Due to the low a priori knowledge required for the reconstruction of static FBA models, FBA has the advantage of supporting plant metabolic modeling of different degrees of abstraction, whereby the spatial resolution of the metabolic model is adaptable to the biological question to be addressed. On the other hand, dynamic processes not taken into account by the static FBA approach can be analyzed via the integration of a dynamic FPM, allowing for the performance of dFBA. Focusing on the response of the carbon and nitrogen balance of the barley plant caused by different environmental conditions or plant development, the integration of the dynamic FPM allows for taking into account temporal and environmental changes affecting whole-plant metabolism. In our application example, the dynamics of barley plant metabolism were analyzed on a daily basis. However, the dynamic FPM allows for keeping track of temporal changes with higher resolution in time (e.g. hours), such as diurnal cycles of photosynthesis.

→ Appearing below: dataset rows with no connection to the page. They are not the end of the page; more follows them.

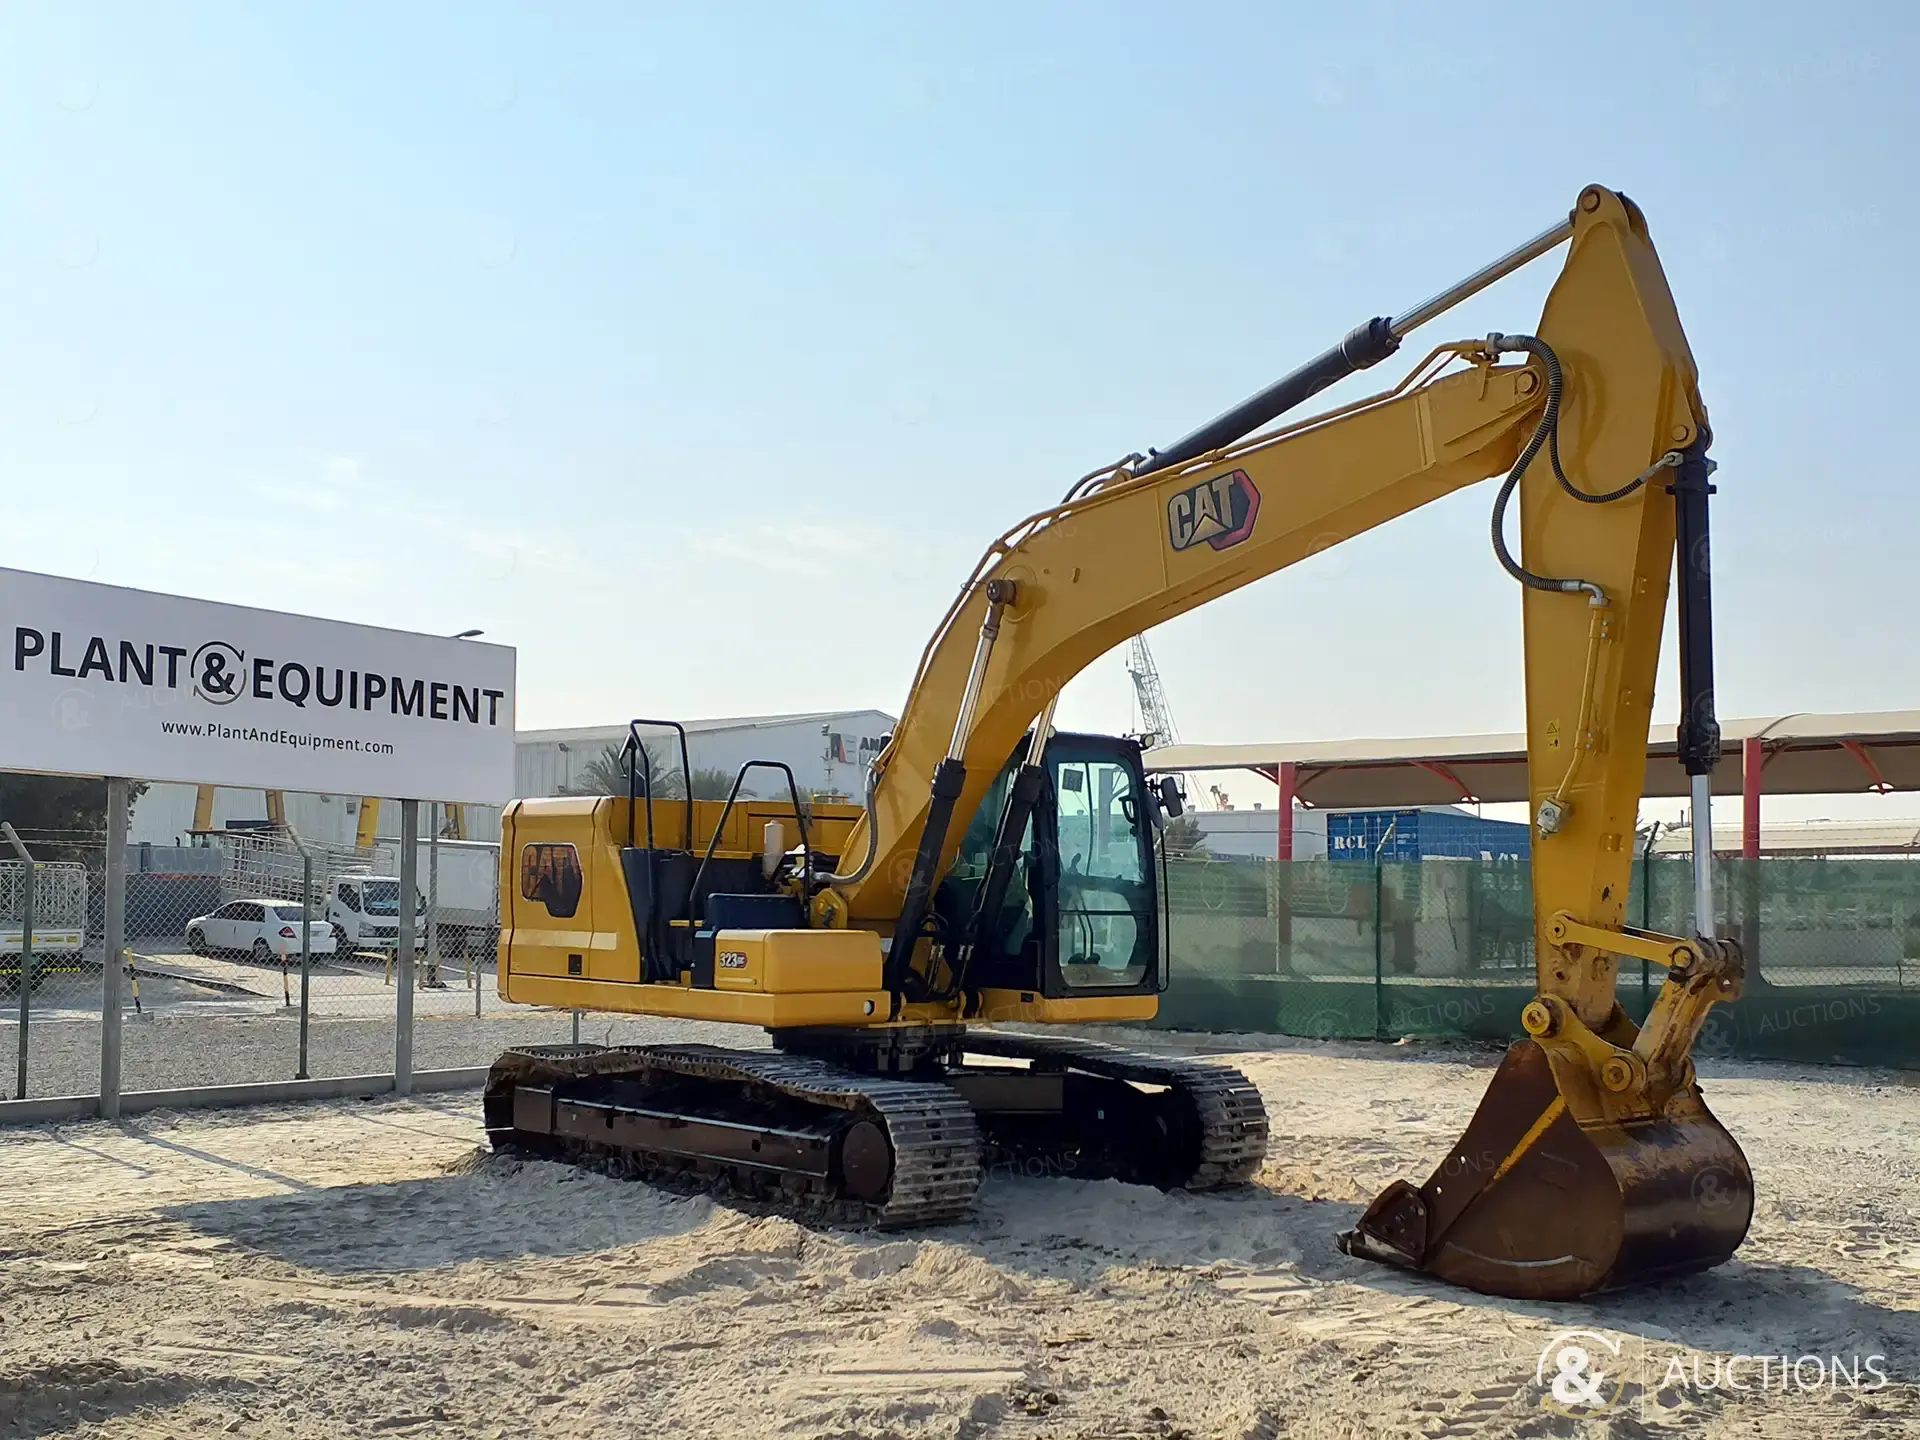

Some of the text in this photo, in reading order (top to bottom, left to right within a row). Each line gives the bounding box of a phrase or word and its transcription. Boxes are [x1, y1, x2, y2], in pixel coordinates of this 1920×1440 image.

[1169, 474, 1234, 549] CAT
[14, 626, 187, 689] PLANT
[252, 657, 504, 727] EQUIPMENT
[161, 719, 395, 756] www.PlantAndEquipment.com
[1334, 836, 1367, 850] RCL
[720, 952, 738, 968] 323
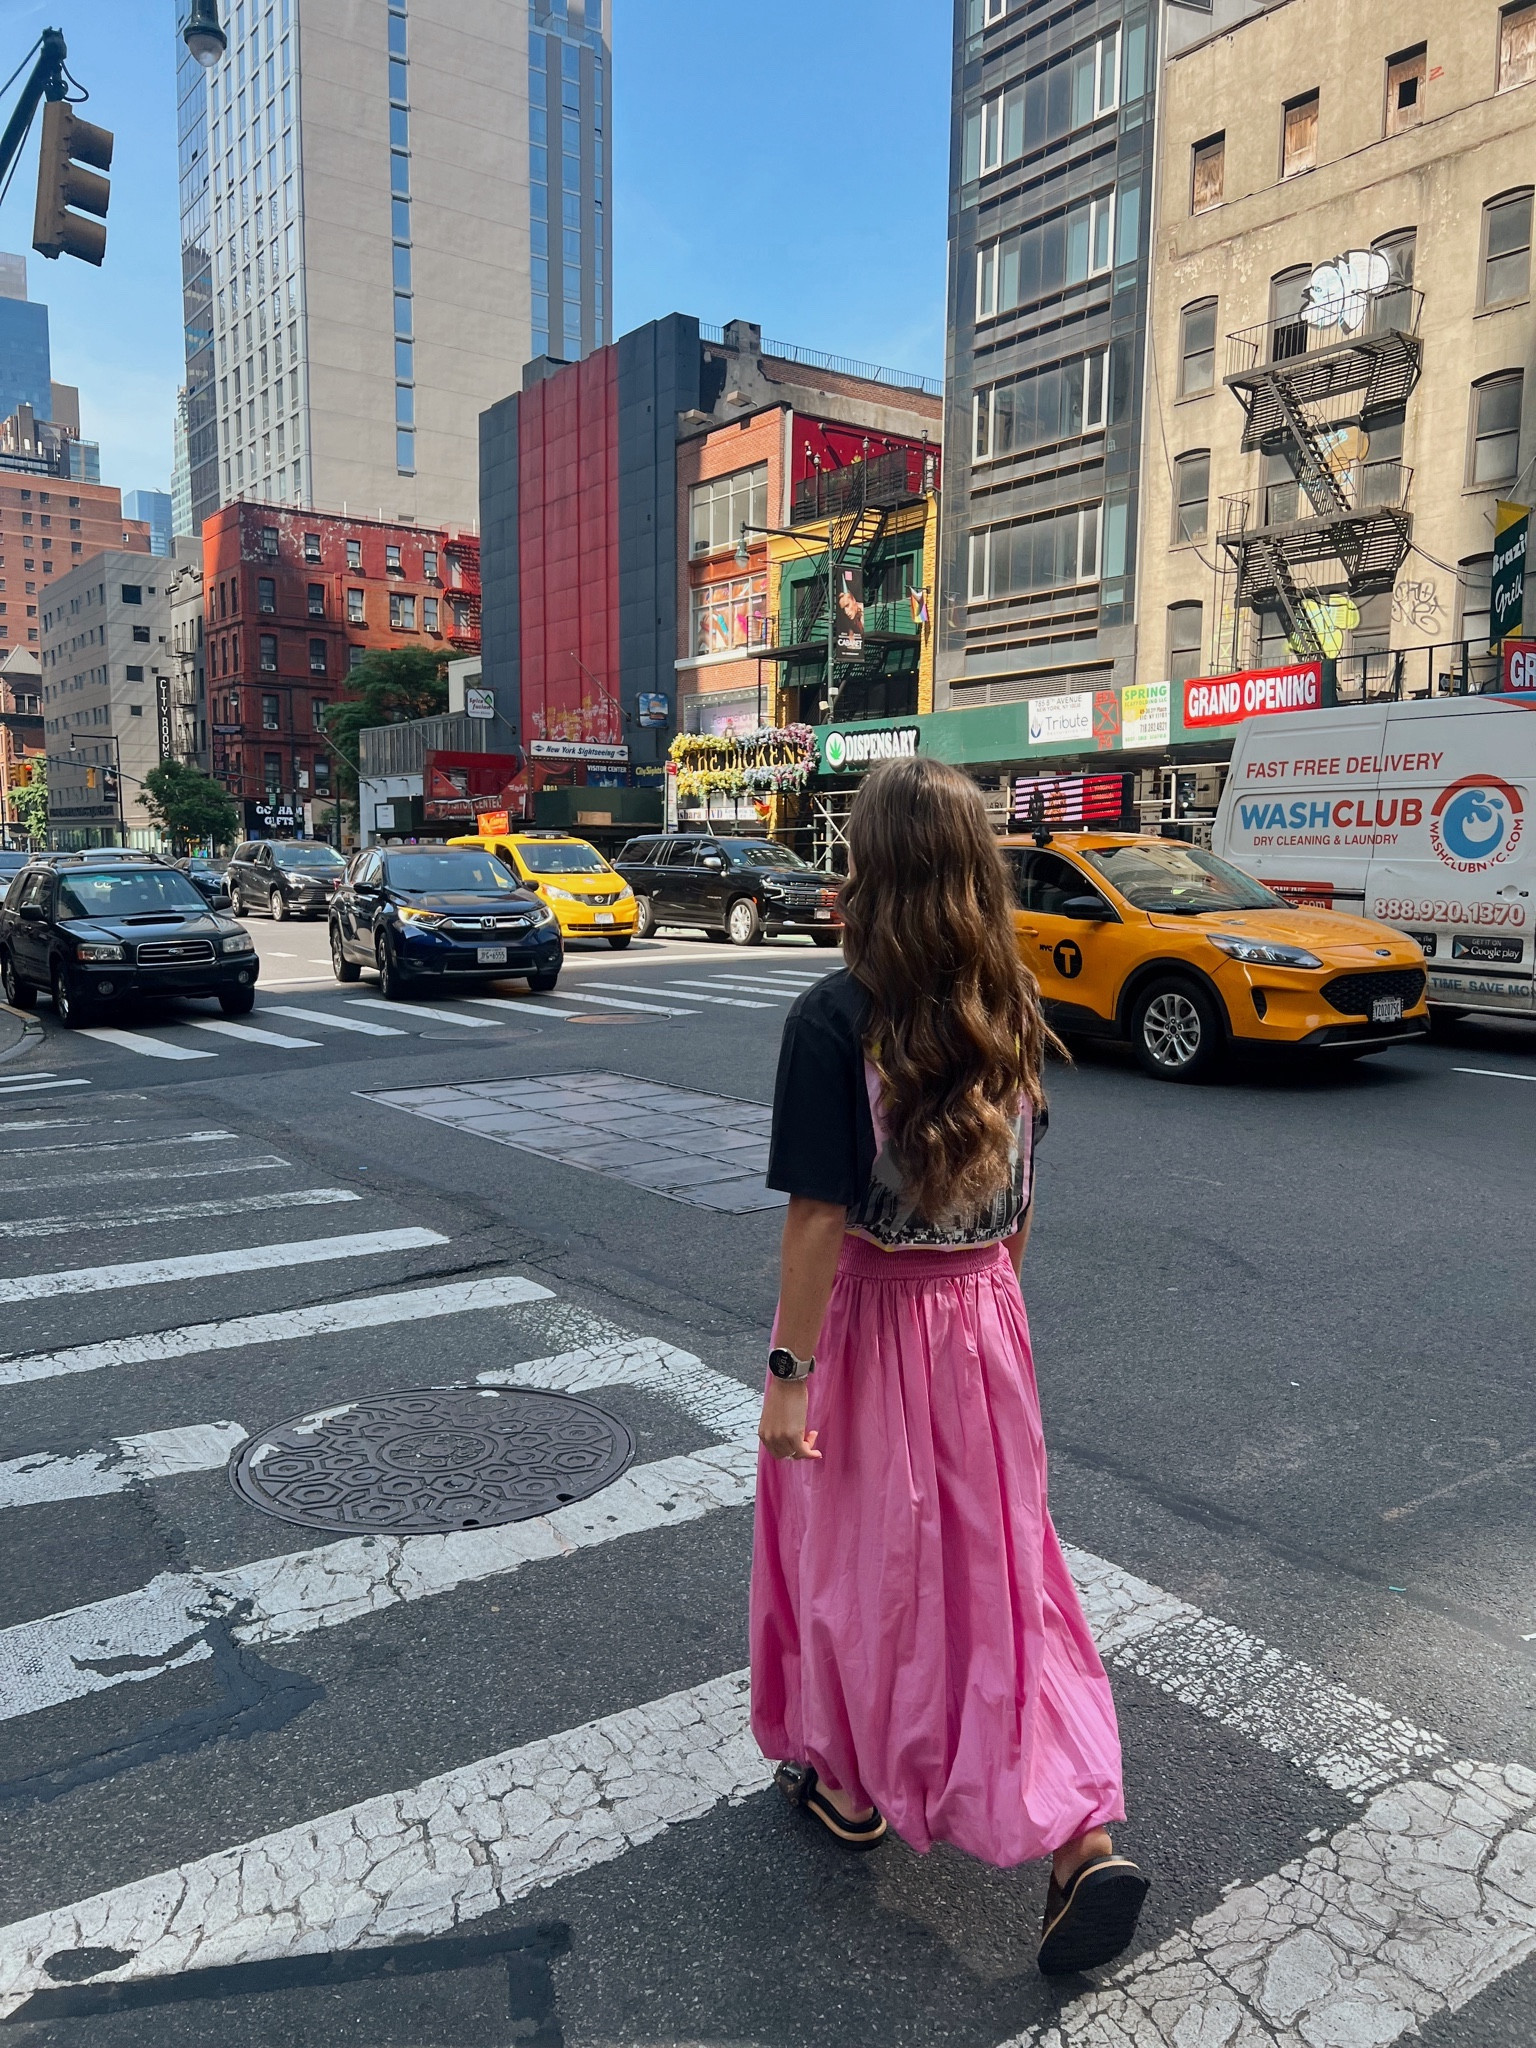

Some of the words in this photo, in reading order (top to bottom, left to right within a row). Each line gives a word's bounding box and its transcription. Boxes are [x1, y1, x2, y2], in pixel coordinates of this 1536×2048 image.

[838, 639, 862, 647] CABARET
[160, 680, 168, 715] CITY
[1057, 695, 1082, 704] AVENUE
[1125, 686, 1167, 701] SPRING
[1189, 682, 1241, 717] GRAND
[1244, 671, 1316, 711] OPENING
[1045, 713, 1089, 730] Tribute
[546, 745, 560, 753] New
[562, 746, 576, 754] York
[578, 747, 616, 758] Sightseeing
[845, 729, 917, 761] DISPENSARY
[725, 743, 809, 771] DICKENS
[587, 765, 607, 773] VISITOR
[608, 765, 628, 773] CENTER
[1246, 760, 1289, 779] FAST
[1293, 757, 1341, 777] FREE
[1346, 752, 1444, 774] DELIVERY
[264, 816, 294, 826] GIFTS
[1240, 798, 1423, 830] WASHCLUB
[1253, 835, 1274, 846] DRY
[1276, 834, 1331, 846] CLEANING
[1333, 834, 1342, 846] &
[1344, 833, 1399, 846] LAUNDRY
[1429, 818, 1524, 873] WASHCLUBNYC.COM
[1374, 898, 1526, 927] 888.920.1370
[1039, 944, 1052, 952] NYC
[1472, 938, 1484, 946] GET
[1060, 947, 1076, 974] T
[1470, 946, 1502, 959] Google
[1502, 949, 1520, 960] play
[1468, 981, 1504, 994] SAVE

In contrast to the existing SOA of dFBA, which are based on the integration of kinetic expressions requiring a large number of kinetic parameters (Mahadevan et al., 2002; Hjersted and Henson, 2006; Oddone et al., 2009), in this study, SOA-based dFBA was computed by integrating a dynamic FPM. A similar approach has been presented by Feng et al. (2012), who integrated FBA into a kinetic model to get insight into the dynamics of the metabolism of the unicellular Shewanella oneidensis. Another study applies dFBA by coupling a human whole-body, physiologically based, pharmacokinetic model with a hepatocyte stoichiometric model in order to investigate the effects of drug- or illness-induced changes in hepatic metabolism on a whole-body scale (Krauss et al., 2012). In general, the integration of different metabolic modeling approaches each focusing on different aspects of metabolism has the advantage of giving a systemic and more comprehensive understanding of complex metabolic processes while retaining a high level of detail at the level of intracellular flux distributions.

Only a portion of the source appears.